[英]Inner product of two 16bit integer vectors with AVX2 in C++
I am searching for the most efficient way to multiply two aligned int16_t arrays whose length can be divided by 16 with AVX2.我正在寻找将两个对齐的 int16_t arrays 相乘的最有效方法,其长度可以用 AVX2 除以 16。
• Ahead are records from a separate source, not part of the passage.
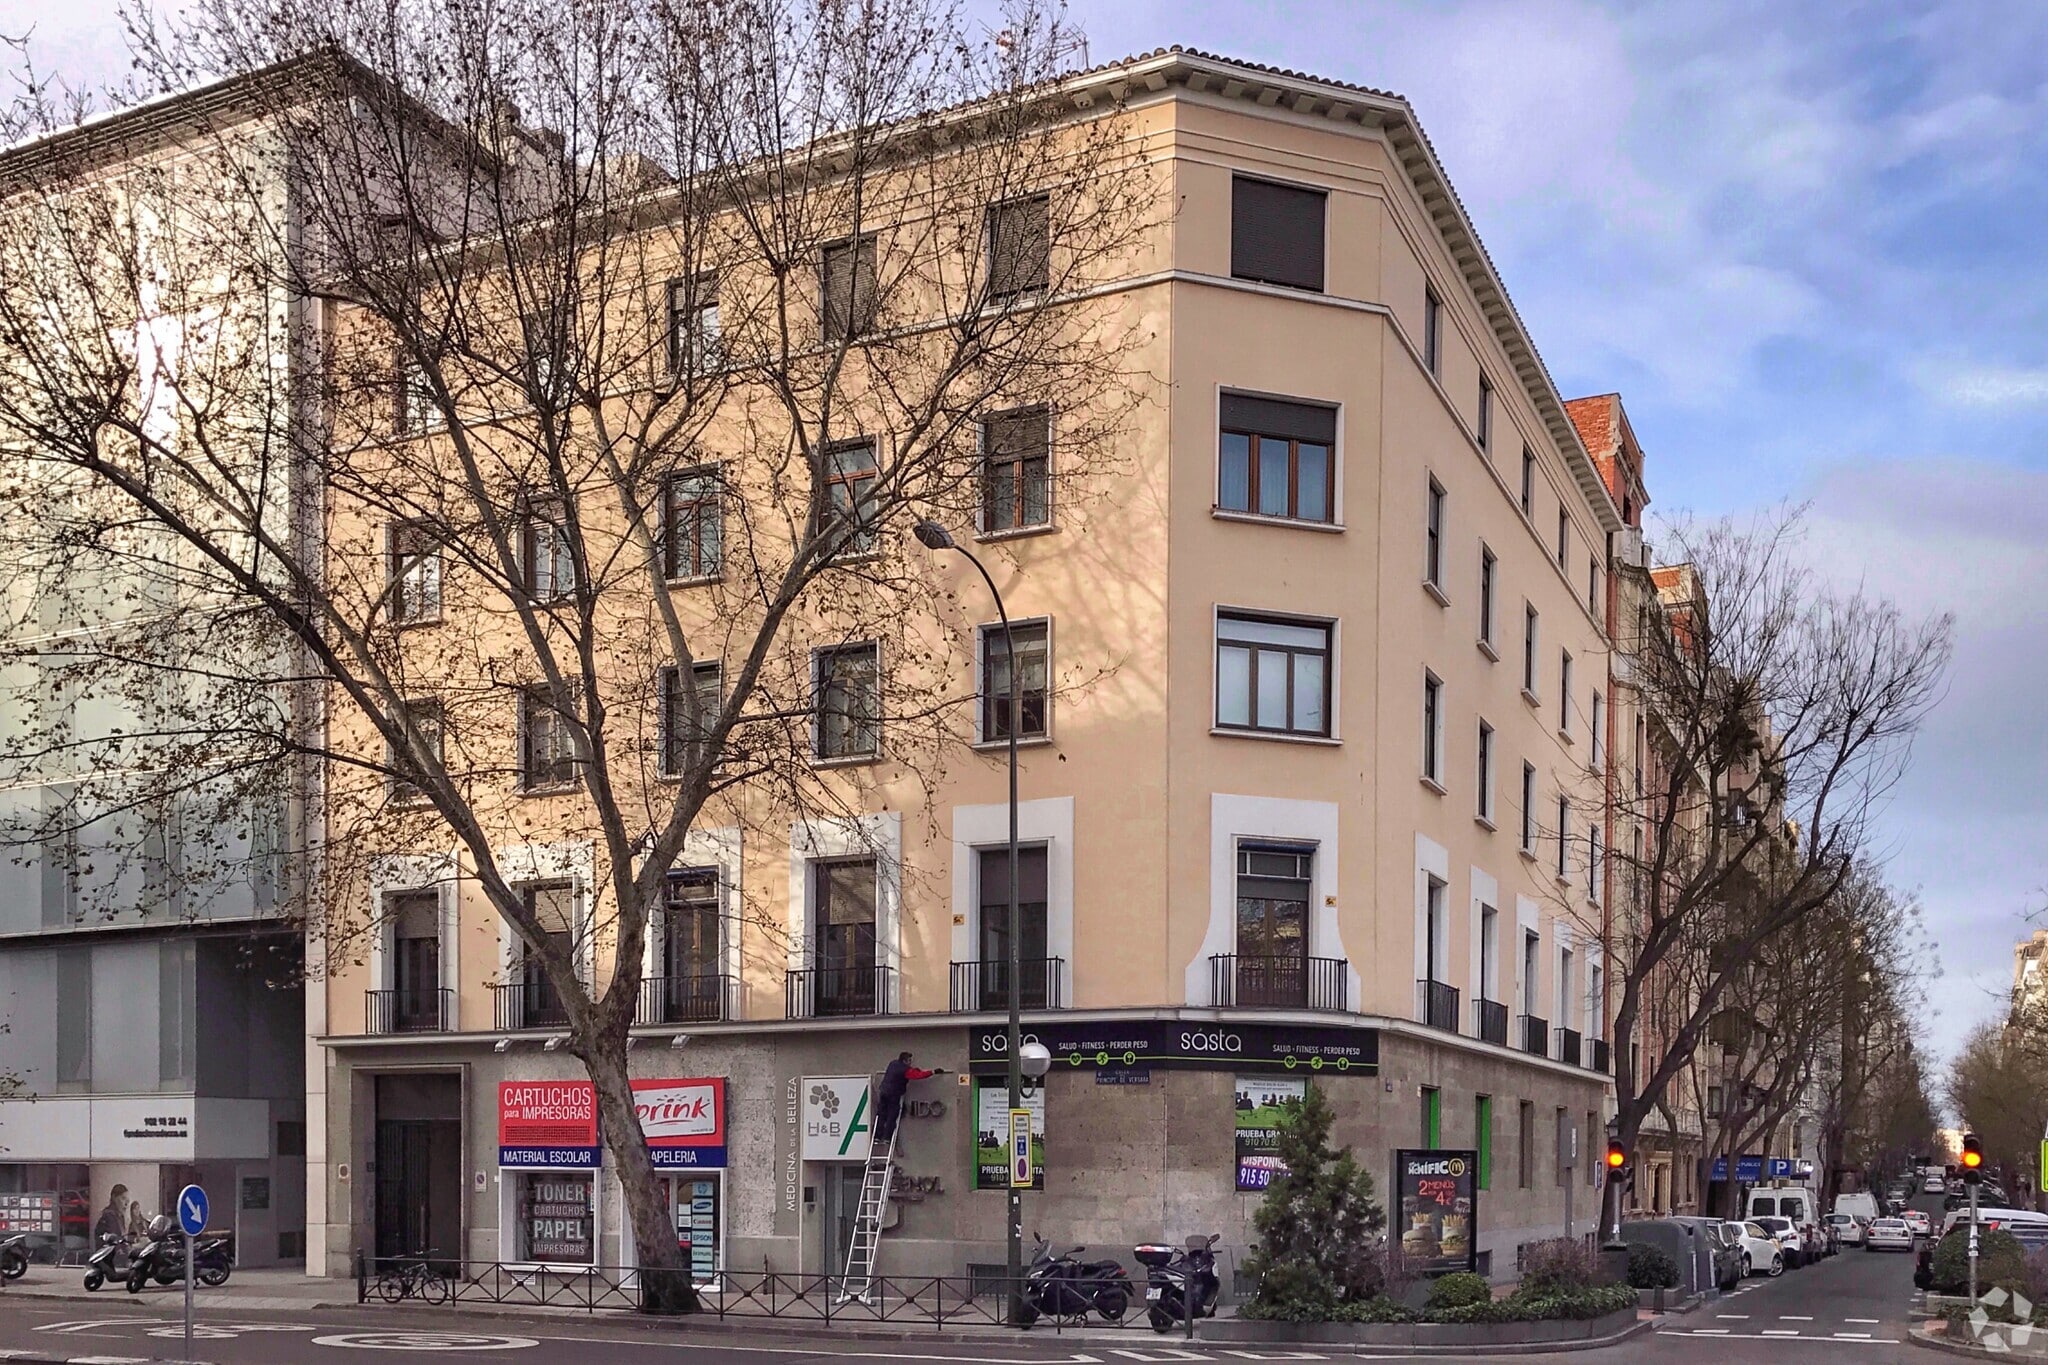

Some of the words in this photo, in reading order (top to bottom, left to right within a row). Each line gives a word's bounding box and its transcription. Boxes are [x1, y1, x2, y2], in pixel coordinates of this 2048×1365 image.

[982, 1030, 1039, 1051] sáa
[1058, 1042, 1077, 1050] SALUD
[1081, 1041, 1105, 1049] FITNESS
[1109, 1041, 1132, 1049] PERDER
[1132, 1040, 1148, 1048] PESO
[1181, 1028, 1241, 1052] sásta
[1272, 1044, 1291, 1053] SALUD
[1296, 1045, 1319, 1054] FITNESS
[1324, 1046, 1345, 1055] PERDER
[1345, 1047, 1360, 1055] PESO
[504, 1087, 591, 1106] CARTUCHOS
[786, 1077, 797, 1124] BELLEZA
[504, 1110, 519, 1120] para
[522, 1106, 591, 1120] IMPRESORAS
[1235, 1129, 1264, 1138] PRUEBA
[504, 1150, 547, 1162] MATERIAL
[549, 1151, 591, 1163] ESCOLAR
[651, 1150, 697, 1163] APELERIA
[981, 1166, 1009, 1174] PRUEBA
[1776, 1161, 1787, 1174] P
[786, 1151, 796, 1211] MEDICINA
[1240, 1167, 1256, 1184] 915
[1259, 1170, 1270, 1186] 50
[534, 1184, 584, 1201] TONER
[1418, 1180, 1428, 1195] 2
[1435, 1191, 1445, 1206] 4
[534, 1205, 585, 1215] CARTUCHOS
[534, 1220, 585, 1239] PAPEL
[533, 1243, 585, 1254] IMPRESORAS
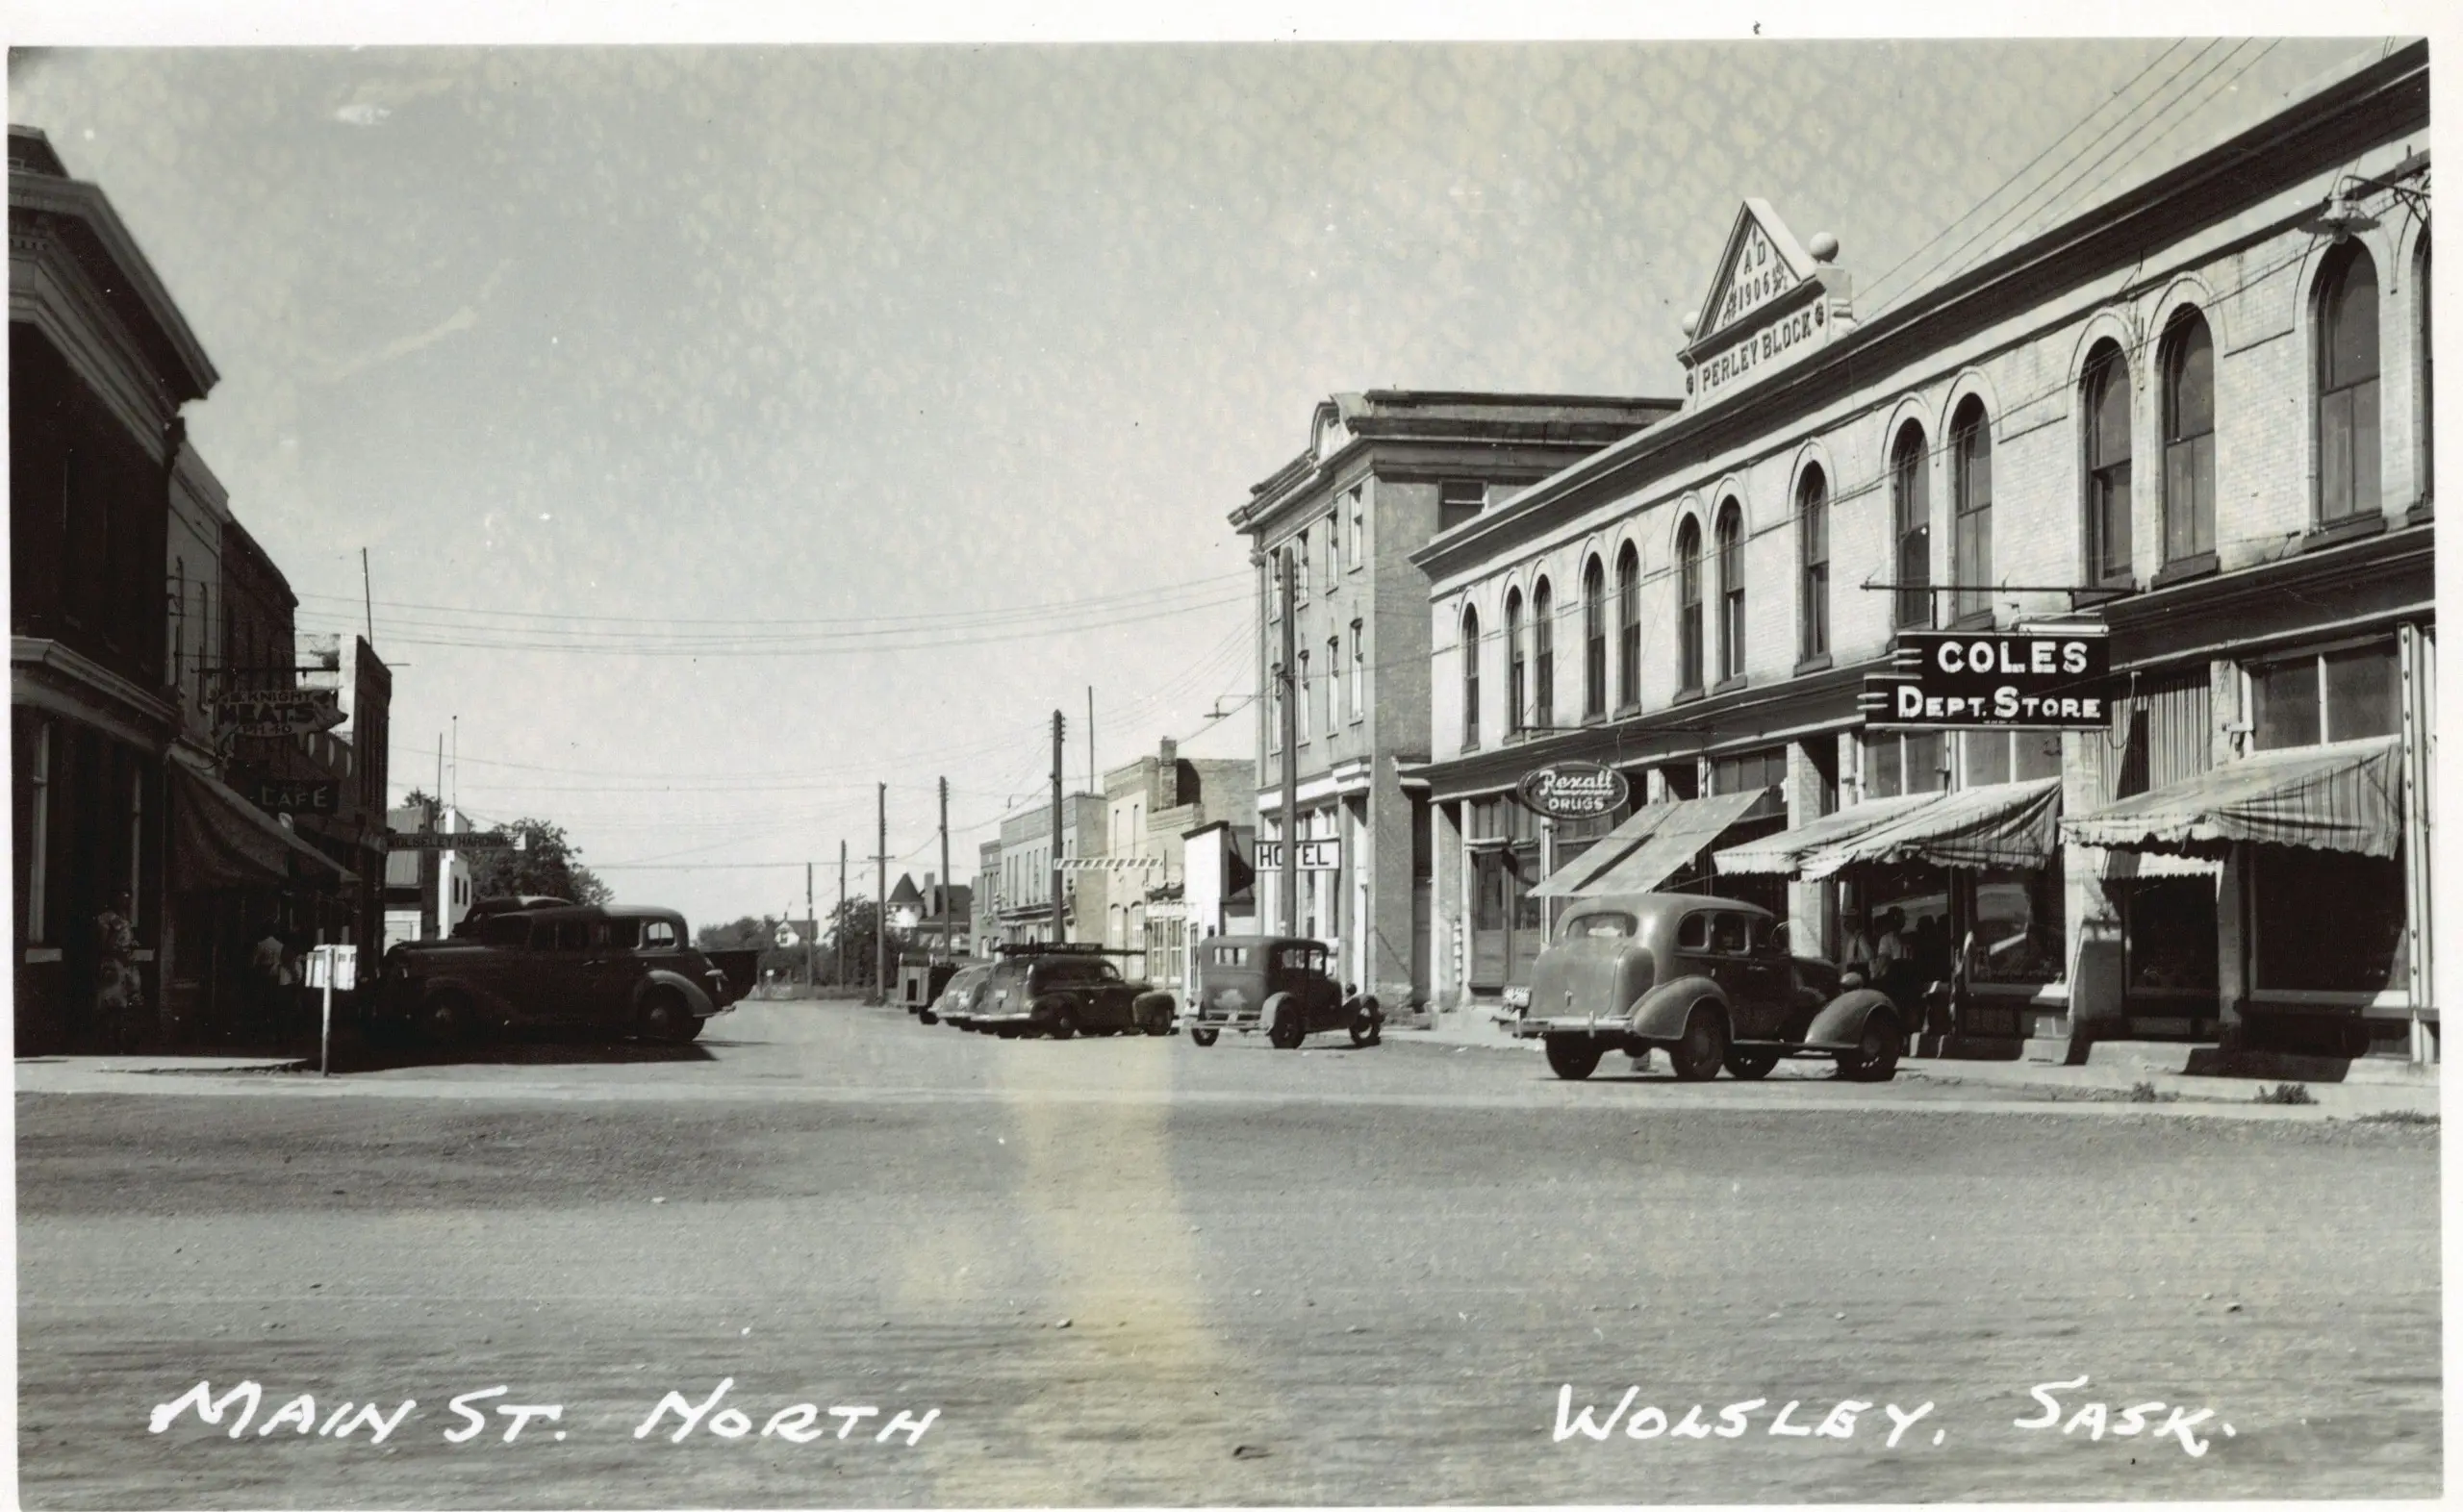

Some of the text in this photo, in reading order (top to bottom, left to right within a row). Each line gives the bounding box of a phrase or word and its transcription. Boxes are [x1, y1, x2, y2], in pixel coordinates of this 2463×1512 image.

[1739, 270, 1770, 312] 1906
[1702, 311, 1812, 391] PERLEY BLOCK
[1938, 641, 2088, 673] COLES
[217, 702, 315, 725] MEATS
[1897, 685, 2102, 718] DEPT. STORE
[1538, 765, 1613, 796] Rexall
[1547, 796, 1605, 811] DRUGS
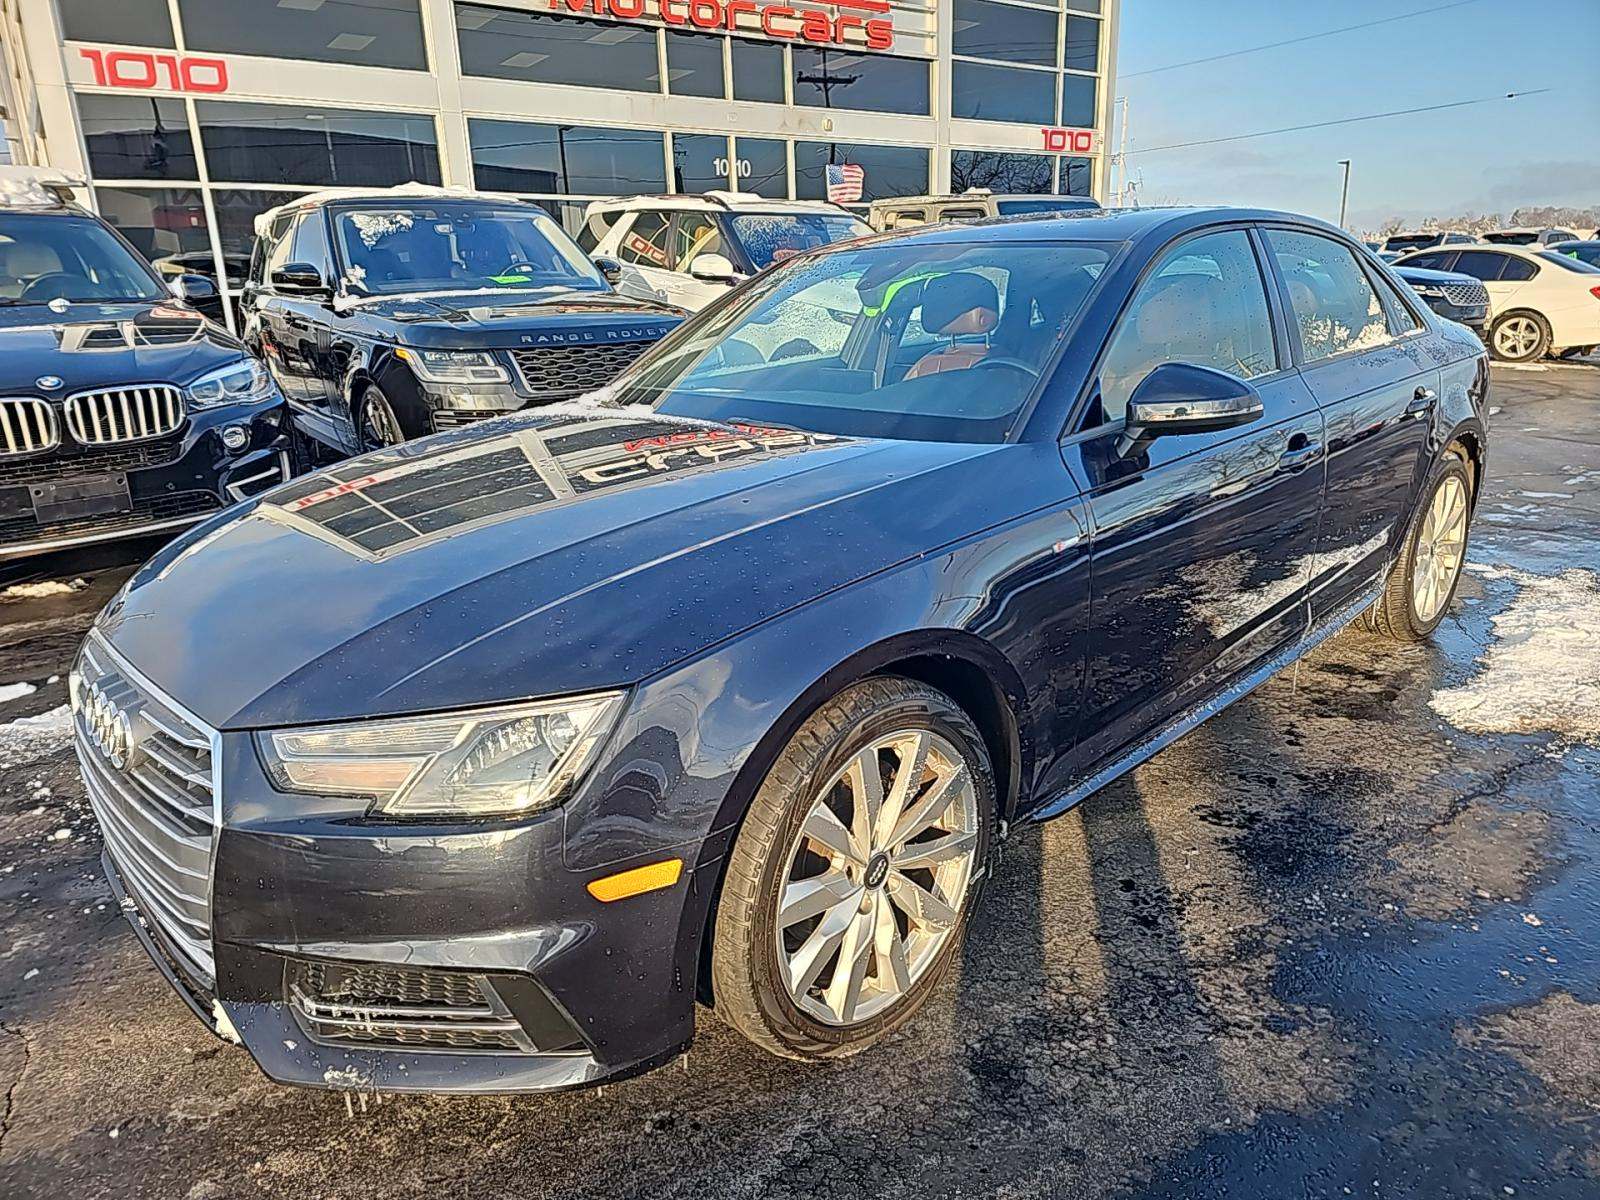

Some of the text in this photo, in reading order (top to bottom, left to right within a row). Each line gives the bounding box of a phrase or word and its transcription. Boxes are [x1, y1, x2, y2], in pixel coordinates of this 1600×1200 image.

After multiplication into a vector x
I started with _mm256_extracti128_si256
and _mm256_castsi256_si128
to have the low and high part of x
and added them with _mm_add_epi16
.在乘以向量
x
后,我从_mm256_extracti128_si256
和_mm256_castsi256_si128
开始,得到x
的低和高部分,并用_mm_add_epi16
将它们相加。
I copied the result register and applied _mm_move_epi64
to the original register and added both again with _mm_add_epi16
.我复制了结果寄存器并将
_mm_move_epi64
应用于原始寄存器,并使用_mm_add_epi16
再次添加两者。 Now, I think that I have:现在,我认为我有:
-, -, -, -, x15+x7+x11+x3, x14+x6+x10+x2, x13+x5+x9+x1, x12+x4+x8+x0
within the 128bit register. -, -, -, -, x15+x7+x11+x3, x14+x6+x10+x2, x13+x5+x9+x1, x12+x4+x8+x0
在 128 位寄存器内。 But now I am stuck and don't know how to efficiently sum up the remaining four entries and how to extract the 16bit result.但是现在我被卡住了,不知道如何有效地总结剩余的四个条目以及如何提取 16 位结果。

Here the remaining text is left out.